Indian stock markets closed the week on a sour note, with benchmark indices plunging sharply on Friday, February 13, amid mounting fears of artificial intelligence-driven disruptions and global uncertainties that soured investor sentiment. The BSE Sensex shed 1,048 points, or 1.25 percent, to settle at 82,626.76, while the NSE Nifty 50 tumbled 336 points, or 1.30 percent, ending at 25,471.10.

Early optimism in the trading week evaporated as heavy selling pressure in technology stocks pulled the indices lower, particularly in the final sessions. Market participants watched as initial gains were erased, leaving the benchmarks near their weekly lows.

“Markets ended the week lower, with benchmark indices declining around 1 per cent amid rising concerns over artificial intelligence-led disruption and a sharp sell-off in technology stocks. The tone was initially positive; however, a steep decline in the final two sessions wiped out earlier gains and pushed the indices into negative territory. As a result, the benchmark indices — Nifty and Sensex — settled near their weekly lows at 25,471.10 and 82,626.76, respectively,” said Ajit Mishra, SVP, Research, Religare Broking Ltd.

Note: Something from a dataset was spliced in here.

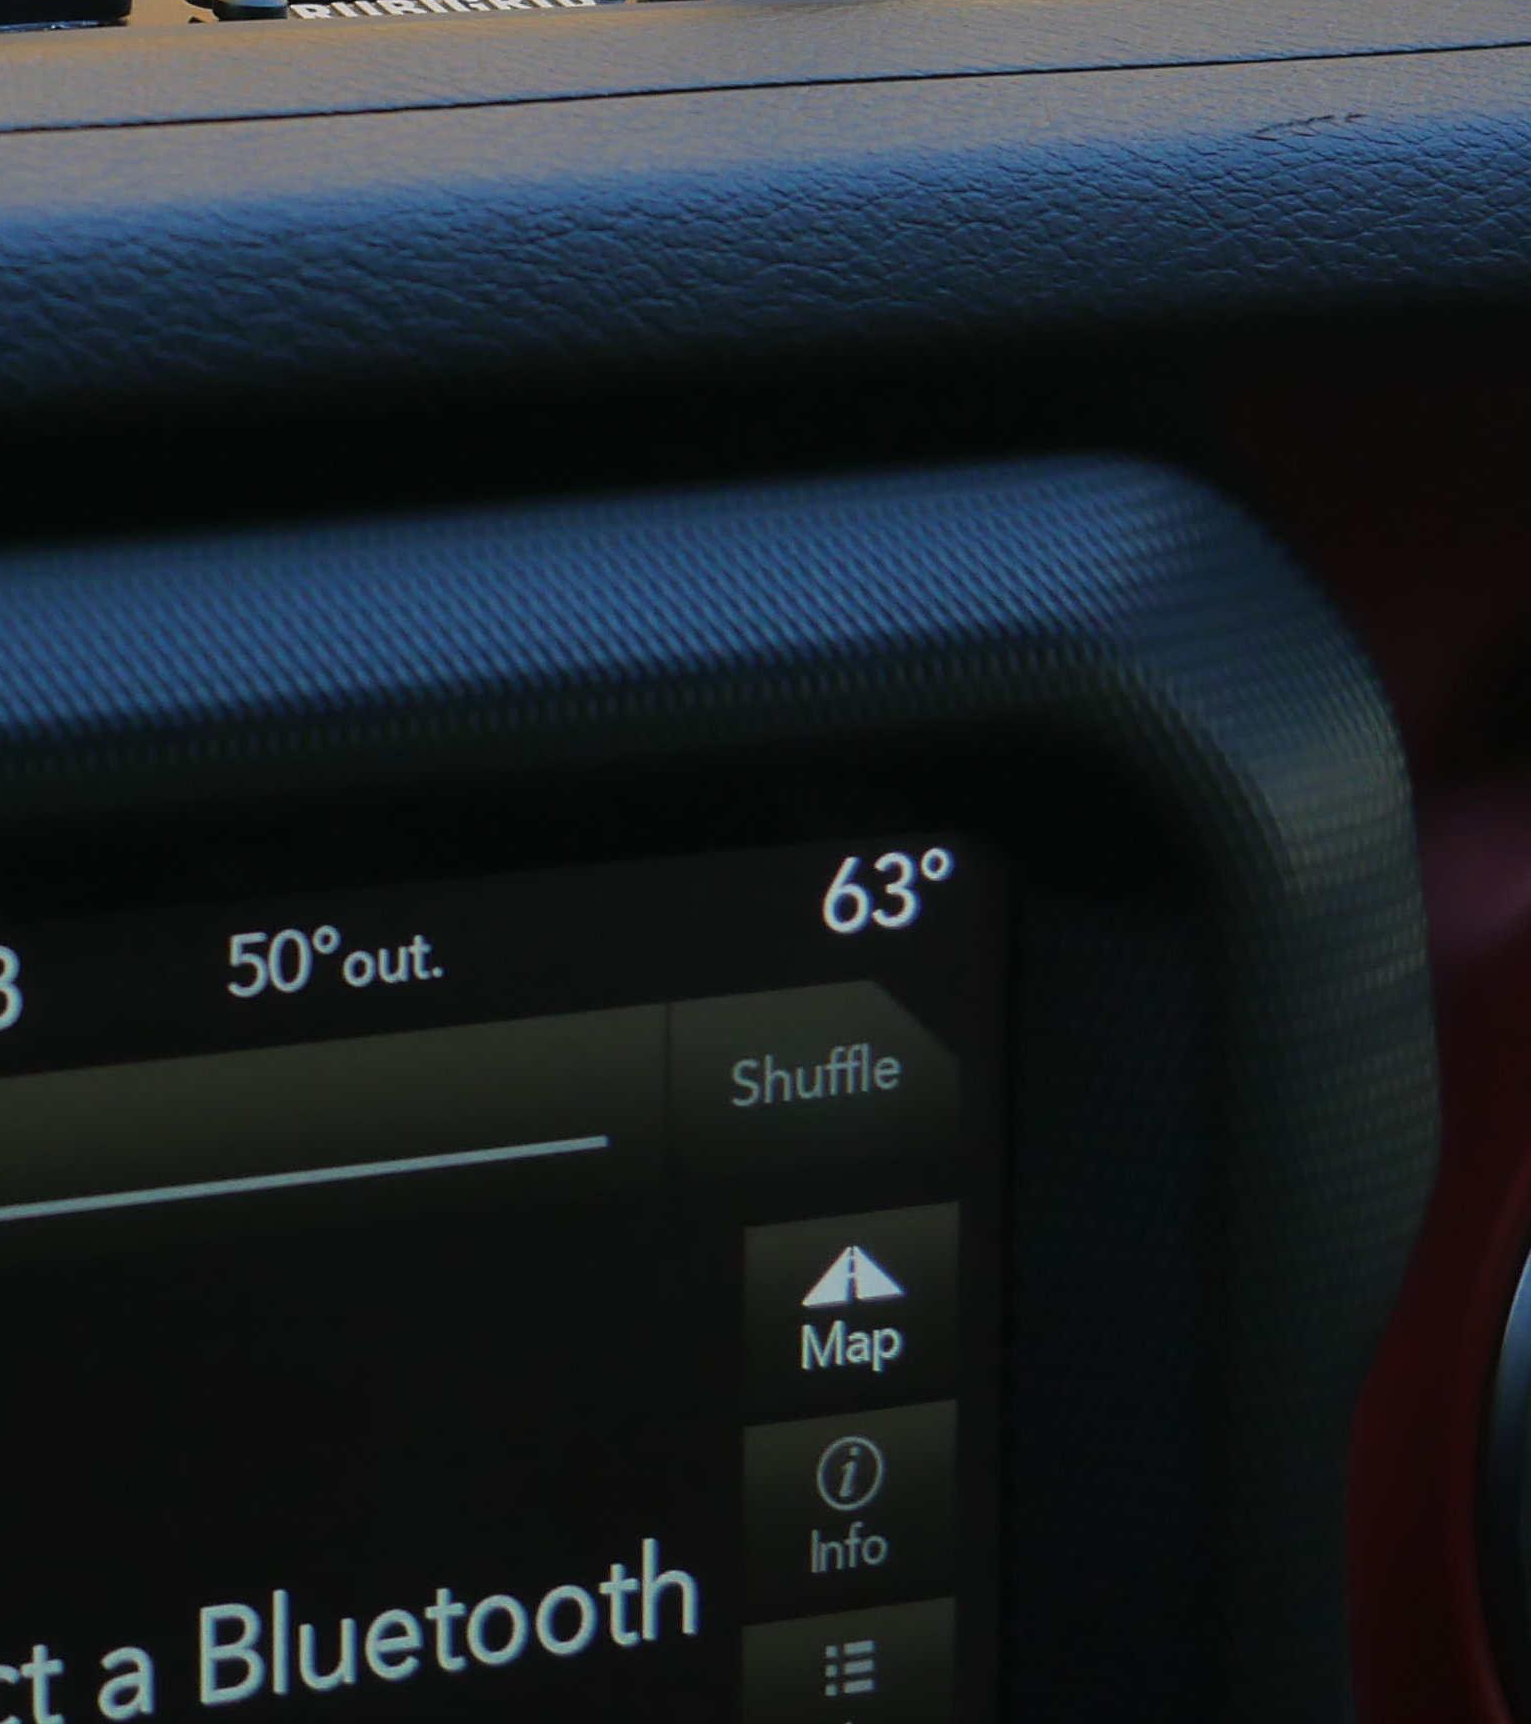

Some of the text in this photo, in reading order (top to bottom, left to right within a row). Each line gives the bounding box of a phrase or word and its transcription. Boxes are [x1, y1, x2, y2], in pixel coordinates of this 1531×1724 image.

Looking ahead to next week, easing tariff-related anxieties and a mixed domestic earnings season are expected to redirect focus toward global developments, according to market experts.

Vinod Nair, Head of Research at Geojit Investments Limited, anticipates a cautious tone as investors keep a close eye on global AI-driven disruptions and geopolitical risks.

“The overall sentiment is likely to remain cautious as investors monitor global AI-driven disruptions and geopolitical risks, while improved valuations and constructive GDP forecasts may help sustain FII inflows,” Nair noted. He highlighted that sectors like IT and metals continue to grapple with persistent structural and external headwinds.

Nair further suggested that market leadership could shift toward domestically oriented sectors such as banking, autos, and select consumption-driven segments. However, he cautioned that broader indices are likely to stay range-bound until clearer macroeconomic and policy signals emerge.